Phylum Rotifera (OpenStax Biology 2e)
The rotifers (“wheel-bearer”) belong to a group of microscopic (about 100 µm to 2 mm) mostly aquatic animals that get their name from the corona—a pair of ciliated feeding structures that appear to rotate when viewed under the light microscope. Although their taxonomic status is currently in flux, one treatment places the rotifers in three classes: Bdelloidea, Monogononta, and Seisonidea. In addition, the parasitic “spiny headed worms” currently in phylum Acanthocephala, appear to be modified rotifers and will probably be placed into the group in the near future. Undoubtedly the rotifers will continue to be revised as more phylogenetic evidence becomes available.

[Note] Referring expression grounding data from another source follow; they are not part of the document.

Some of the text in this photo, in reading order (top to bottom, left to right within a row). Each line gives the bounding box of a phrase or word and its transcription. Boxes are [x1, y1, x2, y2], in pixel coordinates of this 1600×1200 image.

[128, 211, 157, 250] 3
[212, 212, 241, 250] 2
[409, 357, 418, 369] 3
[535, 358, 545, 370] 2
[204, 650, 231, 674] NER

The pseudocoelomate body of a rotifer is remarkably complex for such a small animal (roughly the size of a Paramecium) and is divided into three sections: a head (which contains the corona), a trunk (which contains most of the internal organs), and the foot. A cuticle, rigid in some species and flexible in others, covers the body surface. They have both skeletal muscle associated with locomotion and visceral muscles associated with the gut, both composed of single cells. Rotifers are typically free-swimming or planktonic (drifting) organisms, but the toes or extensions of the foot can secrete a sticky material to help them adhere to surfaces. The head contains a number of eyespots and a bilobed “brain,” with nerves extending into the body.
Rotifers are commonly found in freshwater and some saltwater environments throughout the world. As filter feeders, they will eat dead material, algae, and other microscopic living organisms, and are therefore very important components of aquatic food webs. A rotifer’s food is directed toward the mouth by the current created from the movement of the coronal cilia. The food particles enter the mouth and travel first to the mastax—a muscular pharynx with toothy jaw-like structures. Examples of the jaws of various rotifers are seen in the image above. Masticated food passes near digestive and salivary glands, into the stomach, and then to the intestines. Digestive and excretory wastes are collected in a cloacal bladder before being released out the anus.

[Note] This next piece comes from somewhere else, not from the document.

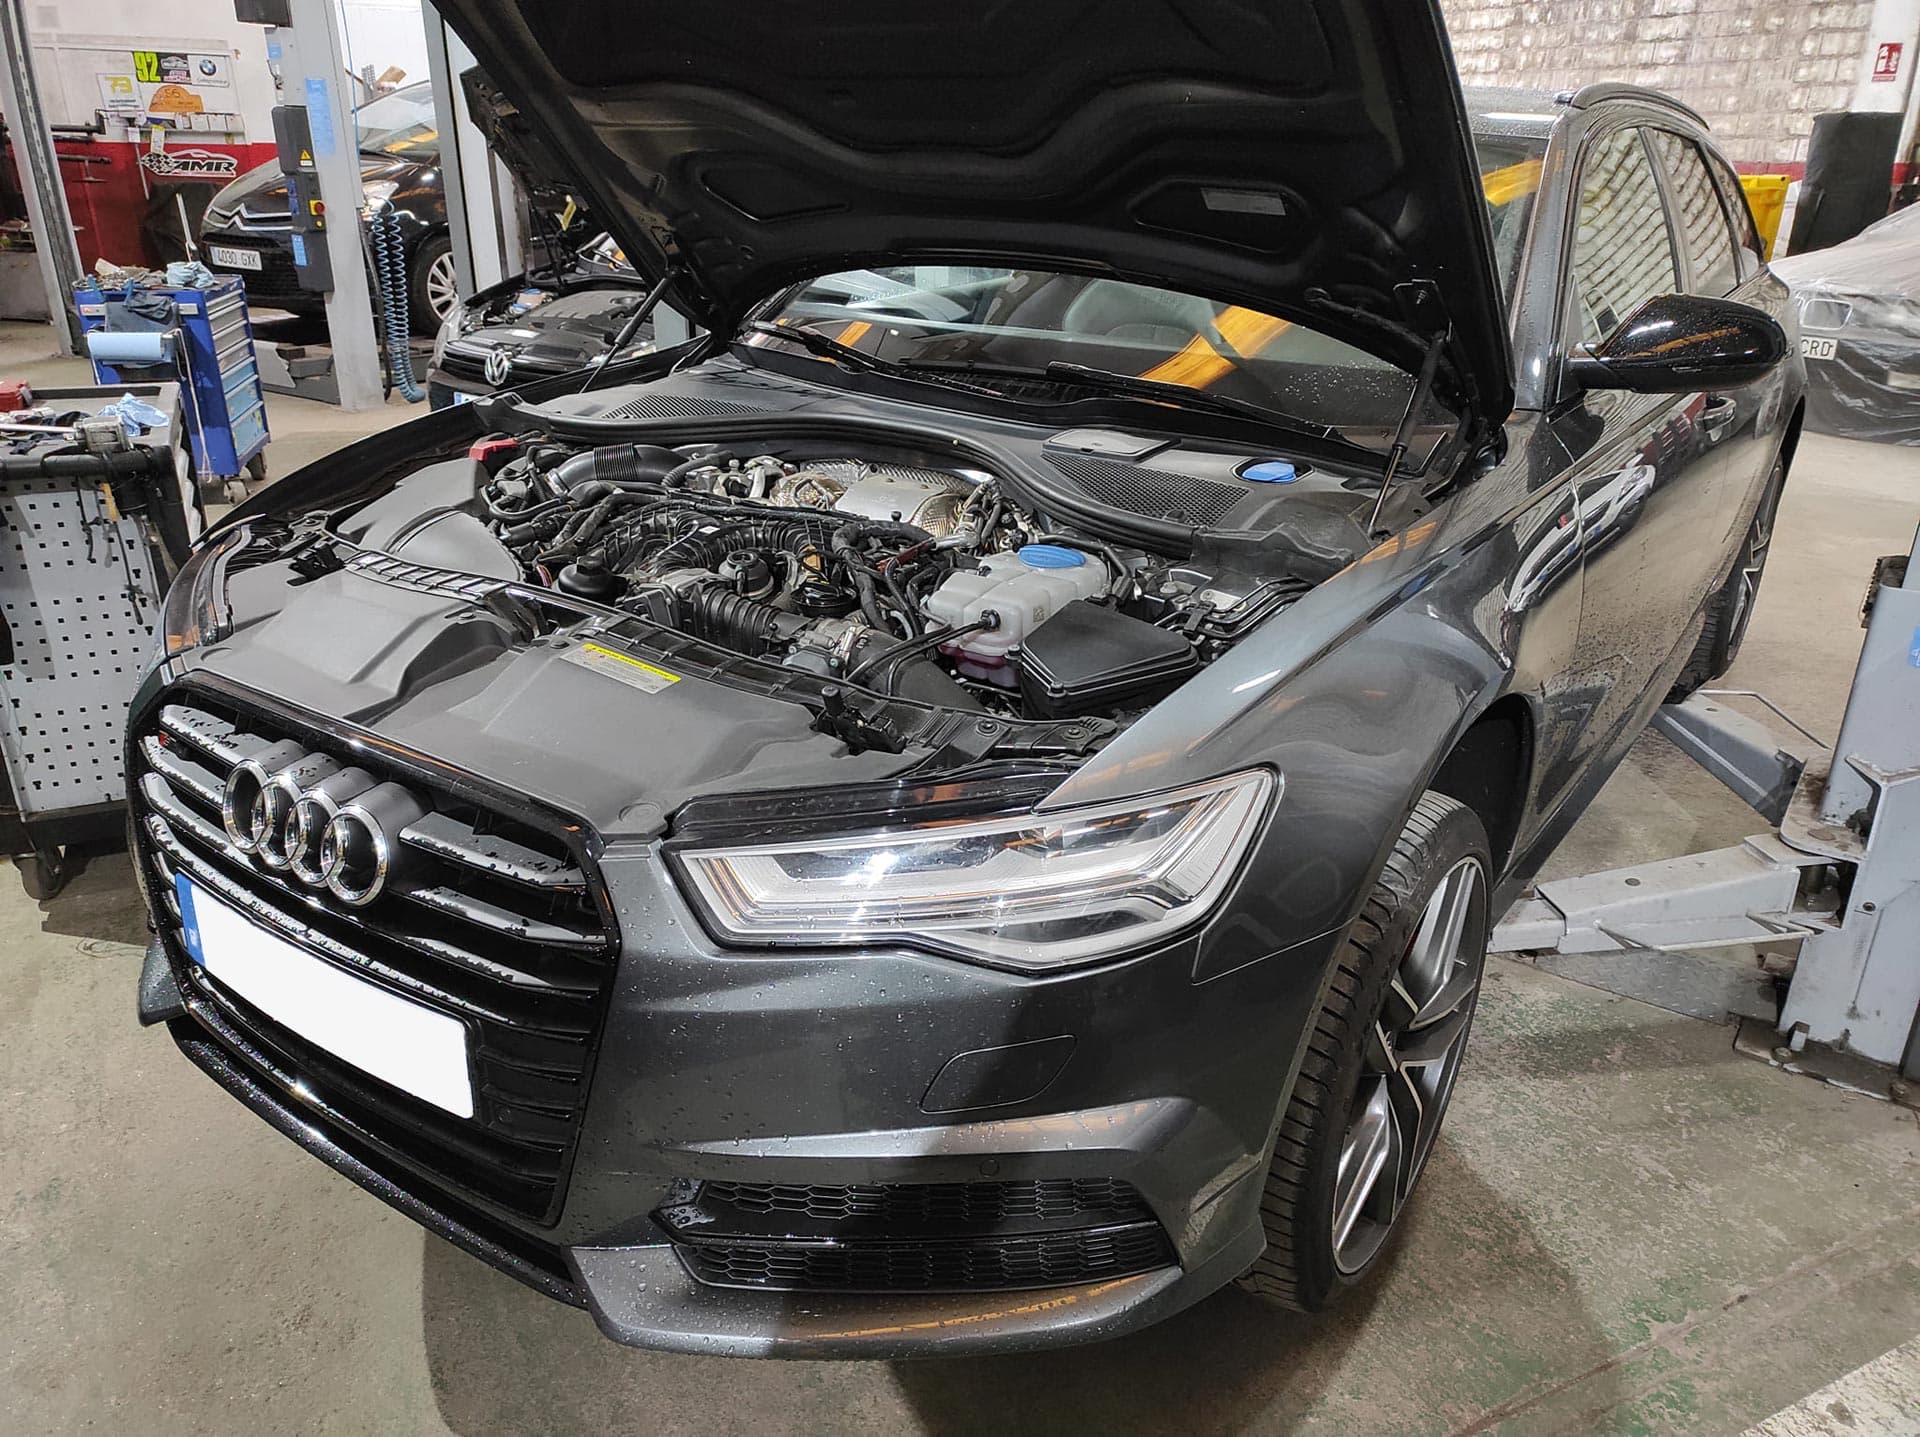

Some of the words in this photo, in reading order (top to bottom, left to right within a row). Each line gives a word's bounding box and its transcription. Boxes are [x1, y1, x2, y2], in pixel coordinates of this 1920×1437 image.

About 2,200 species of rotifers have been identified. The image below shows the anatomy of a rotifer belonging to class Bdelloidea. Some rotifers are dioecious organisms and exhibit sexual dimorphism (males and females have different forms). In many dioecious species, males are short-lived and smaller with no digestive system and a single testis. Many rotifer species exhibit haplodiploidy, a method of sex determination in which a fertilized egg develops into a female and an unfertilized egg develops into a male. However, reproduction in the bdelloid rotifers is exclusively parthenogenetic and appears to have been so for millions of years: Thus, all bdelloid rotifers and their progeny are female! The bdelloids may compensate for this genetic insularity by borrowing genes from the DNA of other species. Up to 10% of a bdelloid genome comprises genes imported from related species. Some rotifer eggs are capable of extended dormancy for protection during harsh environmental conditions.